---------- EXTRACTED ENTRIES

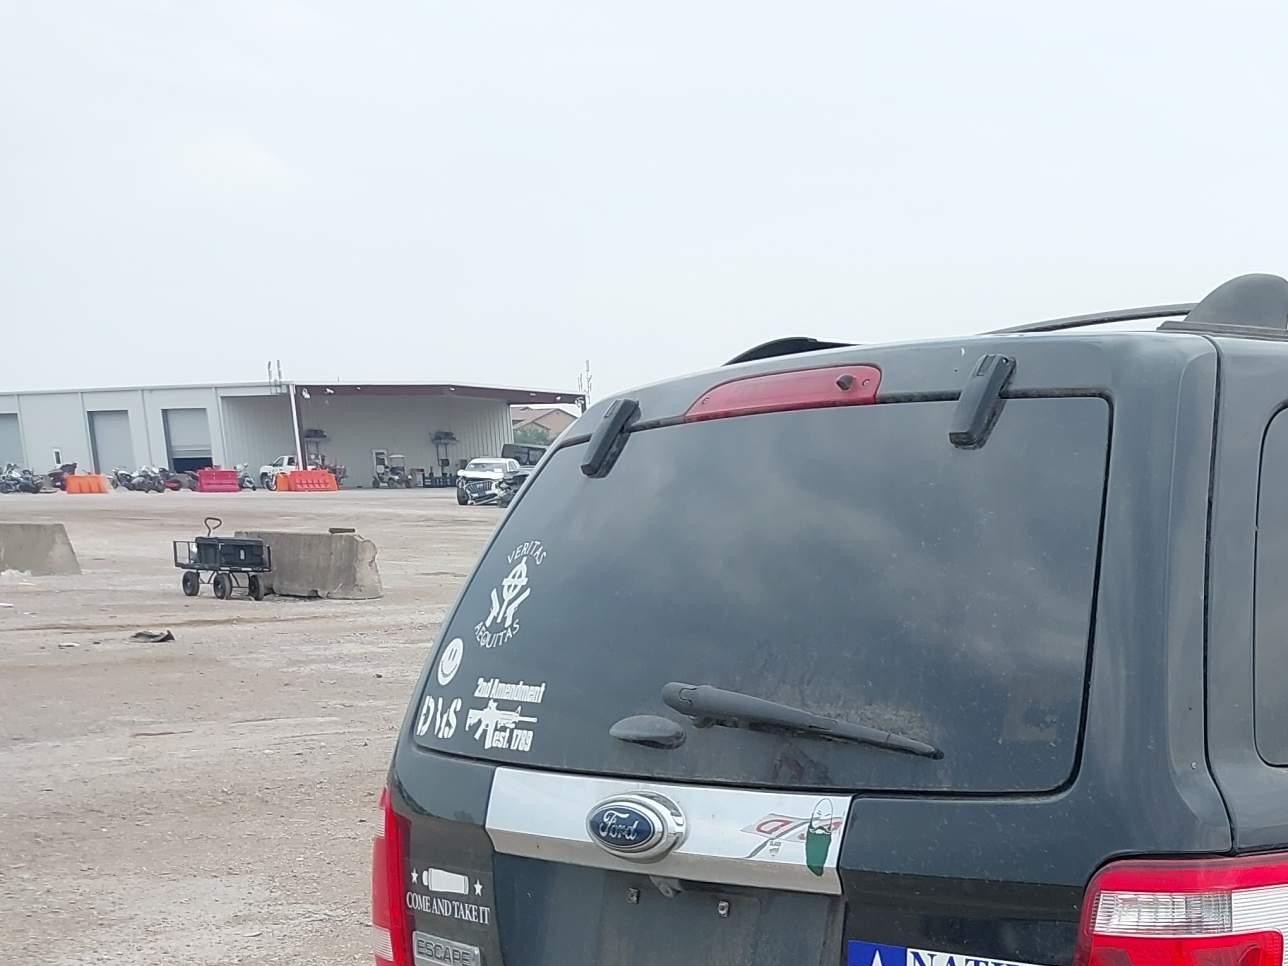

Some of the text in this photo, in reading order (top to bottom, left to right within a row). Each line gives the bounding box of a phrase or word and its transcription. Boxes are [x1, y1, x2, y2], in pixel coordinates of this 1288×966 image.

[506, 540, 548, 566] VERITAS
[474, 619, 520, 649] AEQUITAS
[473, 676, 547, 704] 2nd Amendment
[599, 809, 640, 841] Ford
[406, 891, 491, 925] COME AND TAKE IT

--------------------

## ABOUT THIS EXERCISE
Your answer should be an exact copy of the entries above, with no images included.

## OUTPUT FOR THIS TASK
Some of the text in this photo, in reading order (top to bottom, left to right within a row). Each line gives the bounding box of a phrase or word and its transcription. Boxes are [x1, y1, x2, y2], in pixel coordinates of this 1288×966 image.

[506, 540, 548, 566] VERITAS
[474, 619, 520, 649] AEQUITAS
[473, 676, 547, 704] 2nd Amendment
[599, 809, 640, 841] Ford
[406, 891, 491, 925] COME AND TAKE IT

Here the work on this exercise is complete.